Algo está cambiando

Algo está mal. Algo no funciona. No es lógico ni normal esta falta de respeto por la vida. Cierto es que yo soy propenso a llenar estas páginas virtuales con crueles asesinatos, con tiroteos y muertes en un Cádiz tranquilo por naturaleza -hoy mismo debería haber aparecido la penúltima entrega de La Búsqueda-, pero la situación ha cambiado. Tanto que hoy tengo que preguntarme qué está pasando en la vieja urbe de los Balbos para que la violencia nos sacuda de está manera. En 15 días se han asesinado a dos personas, no diré buenas pues no las conocía, pero nadie merece morir cruelmente. 

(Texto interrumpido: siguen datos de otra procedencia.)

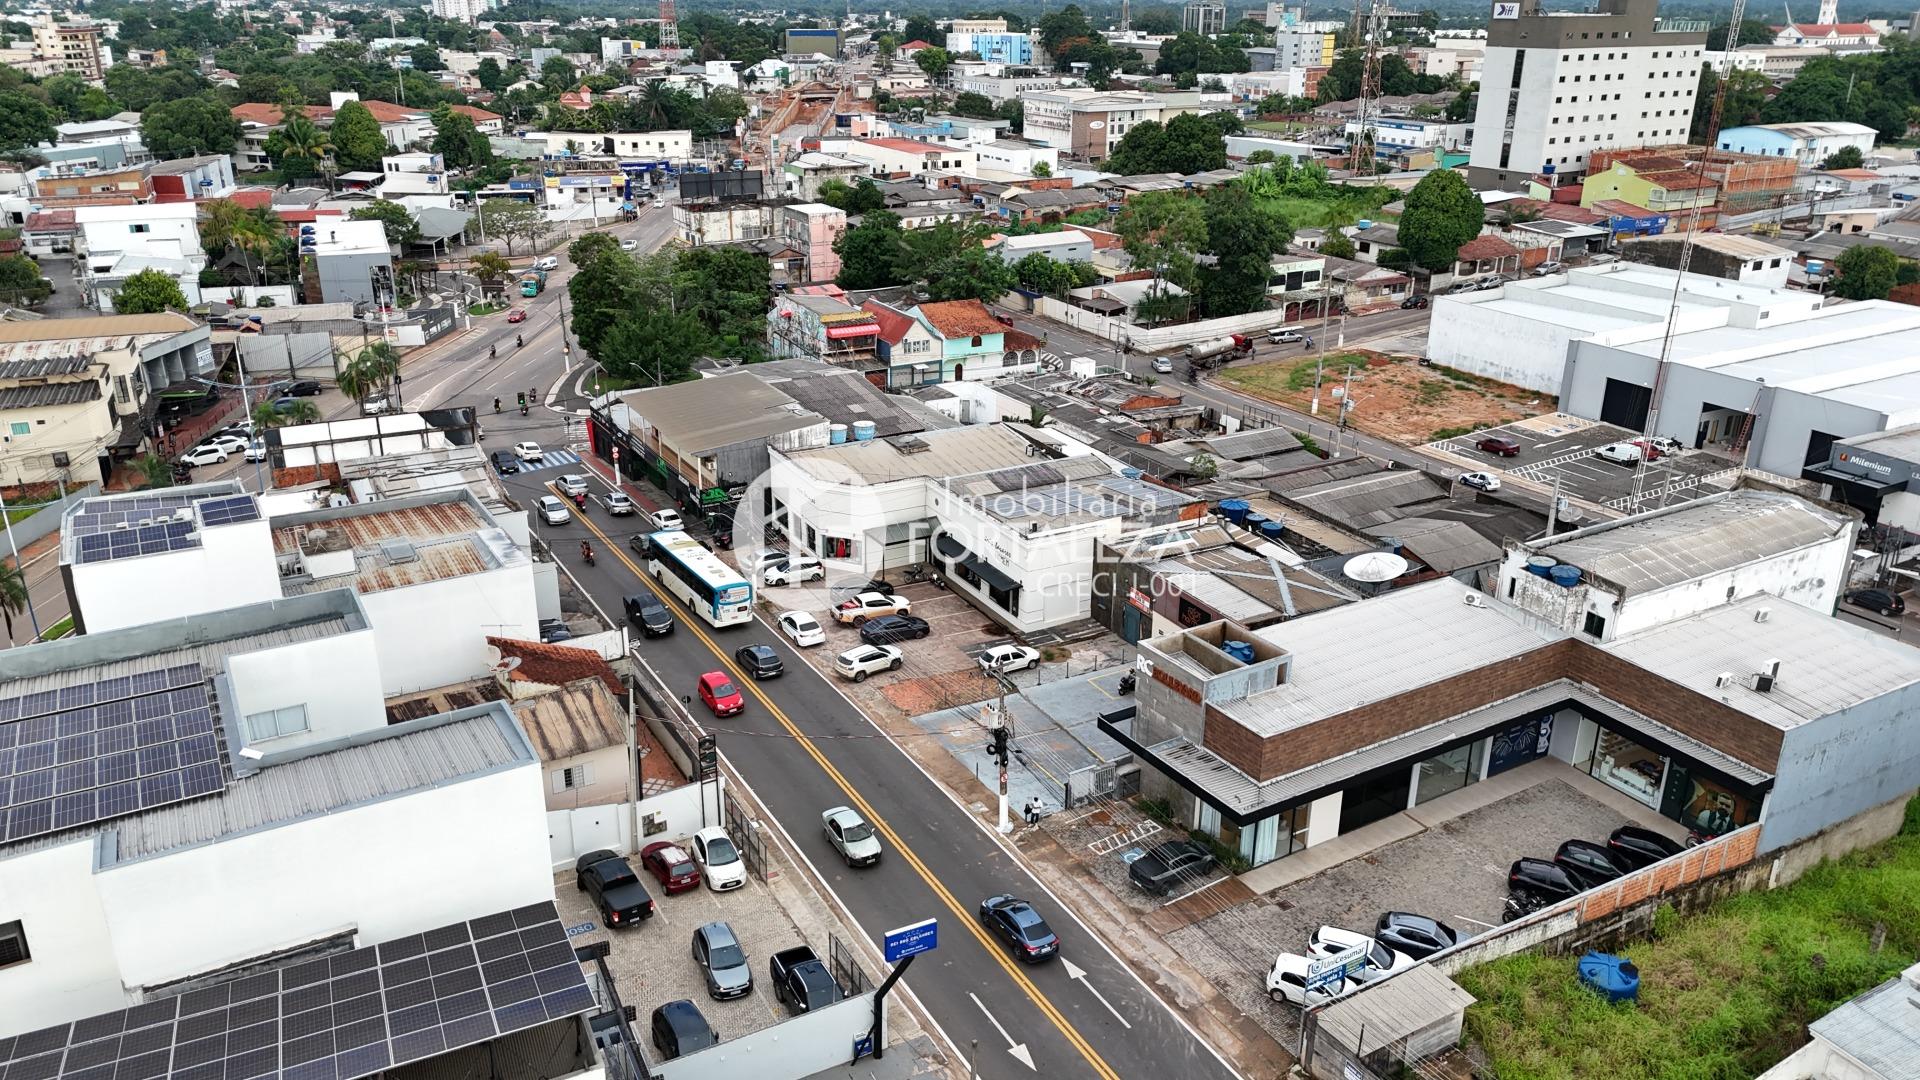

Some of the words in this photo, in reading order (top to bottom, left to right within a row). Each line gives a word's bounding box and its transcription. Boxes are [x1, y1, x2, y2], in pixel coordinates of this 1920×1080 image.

[1850, 456, 1891, 473] Milenium
[1136, 653, 1154, 677] RC
[566, 924, 592, 935] OSO
[1323, 947, 1364, 969] UniCesumar
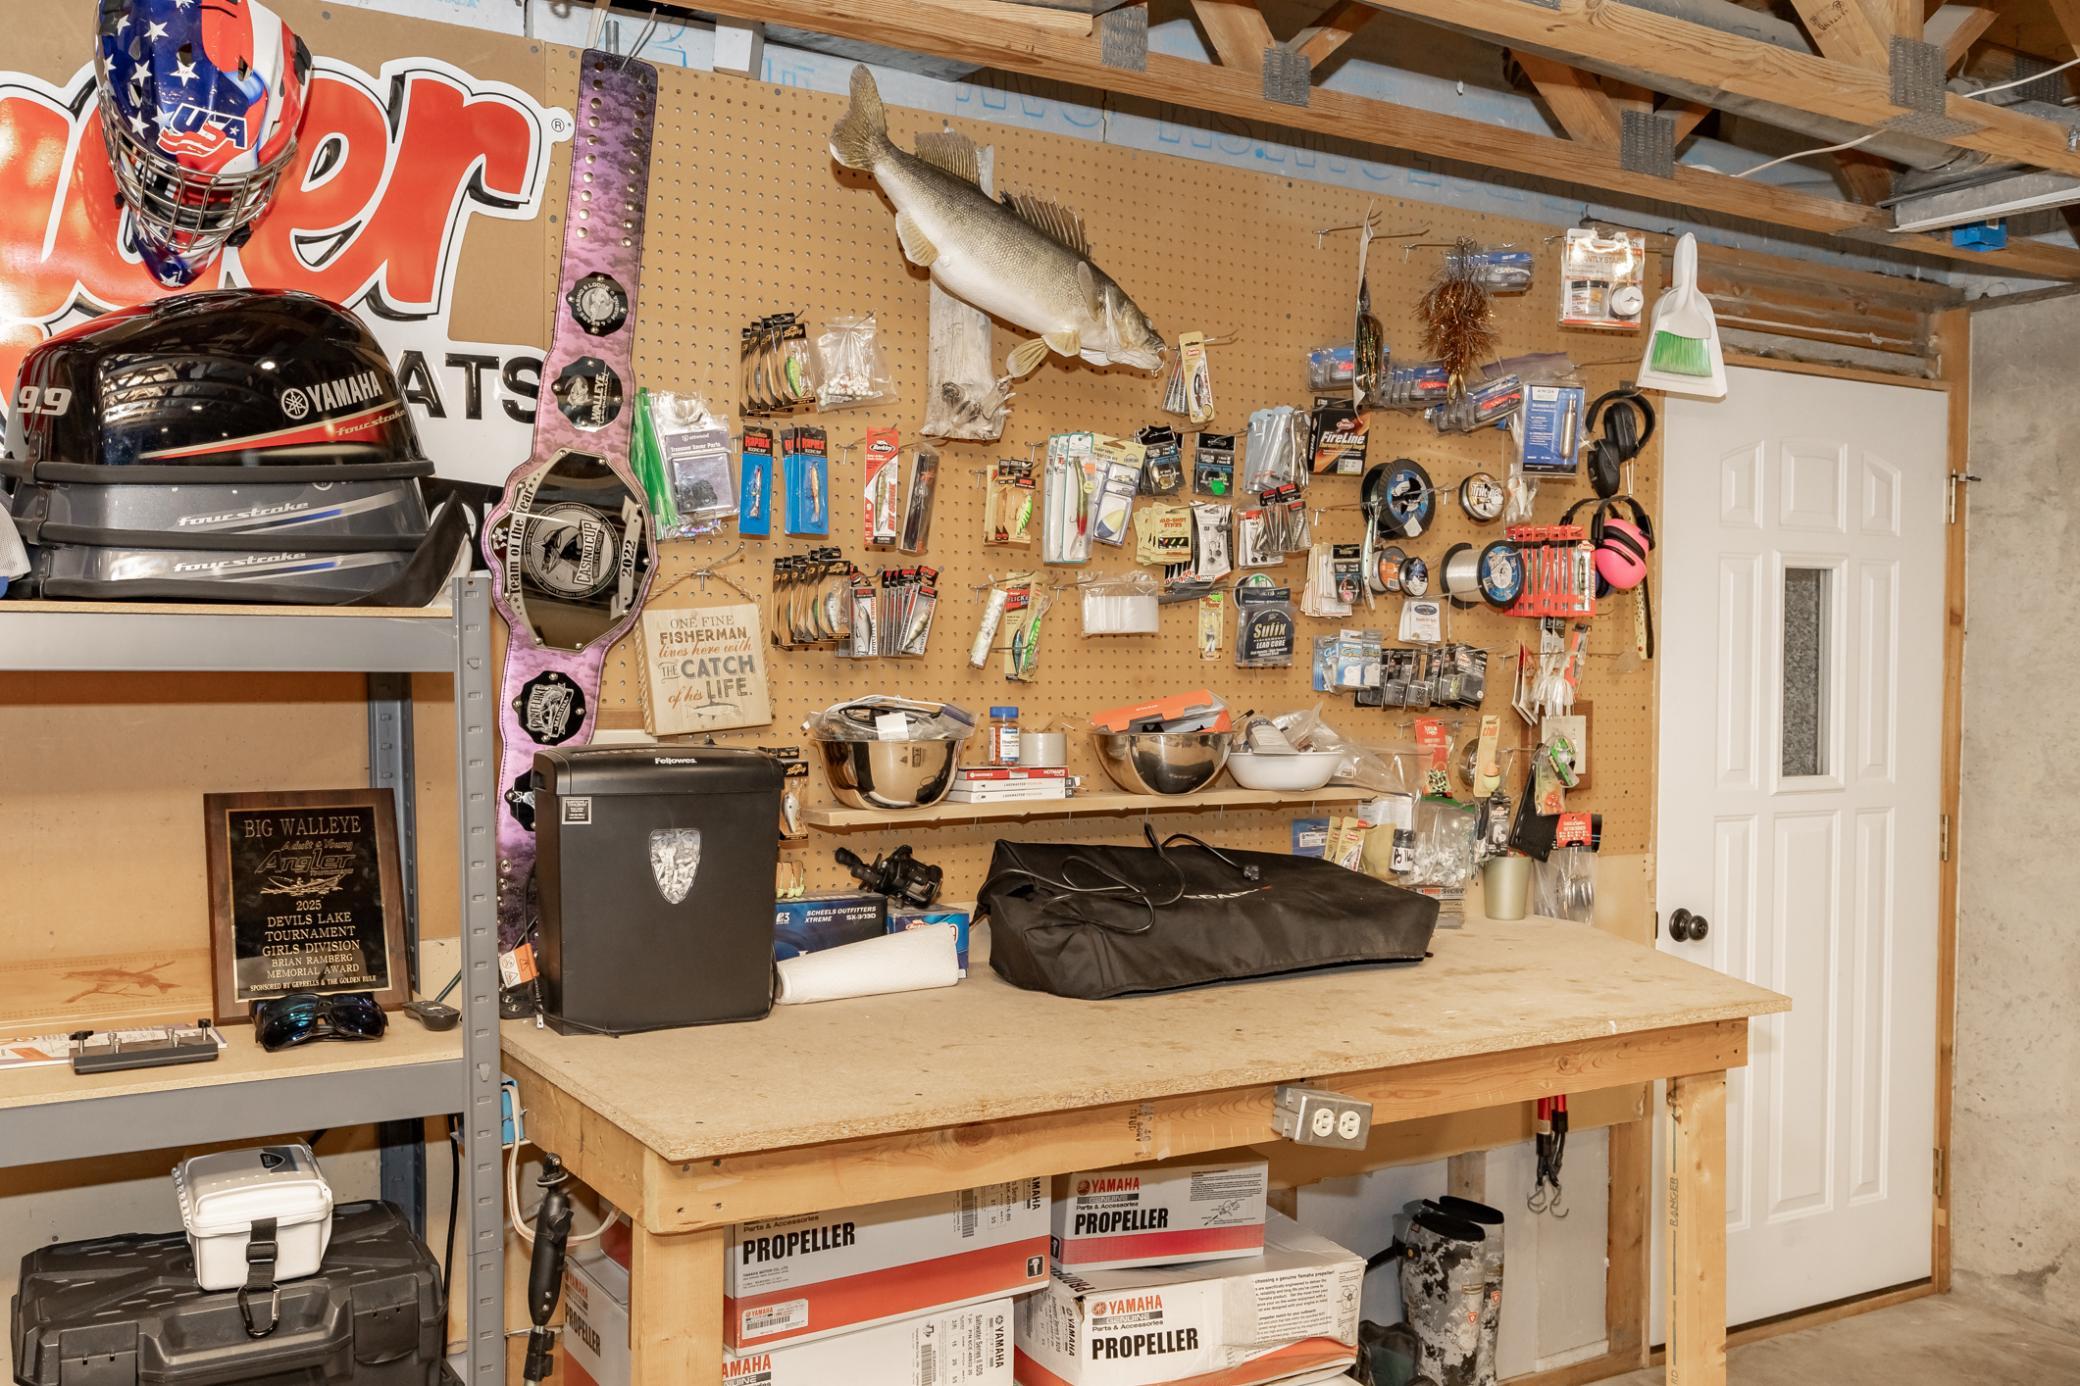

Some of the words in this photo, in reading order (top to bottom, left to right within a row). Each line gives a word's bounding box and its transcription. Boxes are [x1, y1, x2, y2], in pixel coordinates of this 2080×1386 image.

La primera de ellas recibió 30 puñaladas por, supuestamente, dos jóvenes vecinos a los que había ayudado otras veces, y que cambiaron cada una de esas puñaladas por 1€, hasta llegar a los 30€ que les dieron por el televisor robado.


La segunda de las muertes es aún un misterio -al menos para mí mientras escribo esto- y sucedió en la misma noche en la que toda España celebraba el mundial. Triste final para una noche de fiesta.

No sé que ocurre, no lo entiendo, pero cuándo la violencia desmedida llega a nuestras puertas debemos plantearnos que algo falla. Tal vez el hambre, tal vez la droga. No sé quién me dijo un día "espera que angangos enganchados se queden sin trabajos, y ya verás ya", tal vez estemos en la primera fase del final. Cuando gente que movía mucho dinero ahora no tiene para pagar sus vicios más dañinos y adictivos. Tal vez detrás de todo esto haya otra cosa. No lo sé.

Sólo sé que hoy tengo demasiada pena para dejar que mis propios asesinatos cubran esta página. Hoy prefiero reflexionar. Tal vez, al final, Cádiz no sea la pacifica y tranquila ciudad dormida que creíamos, quizá sea un dragón a punto de despertar, con tan malas pulgas que estará dispuesto a comerse a sí mismo.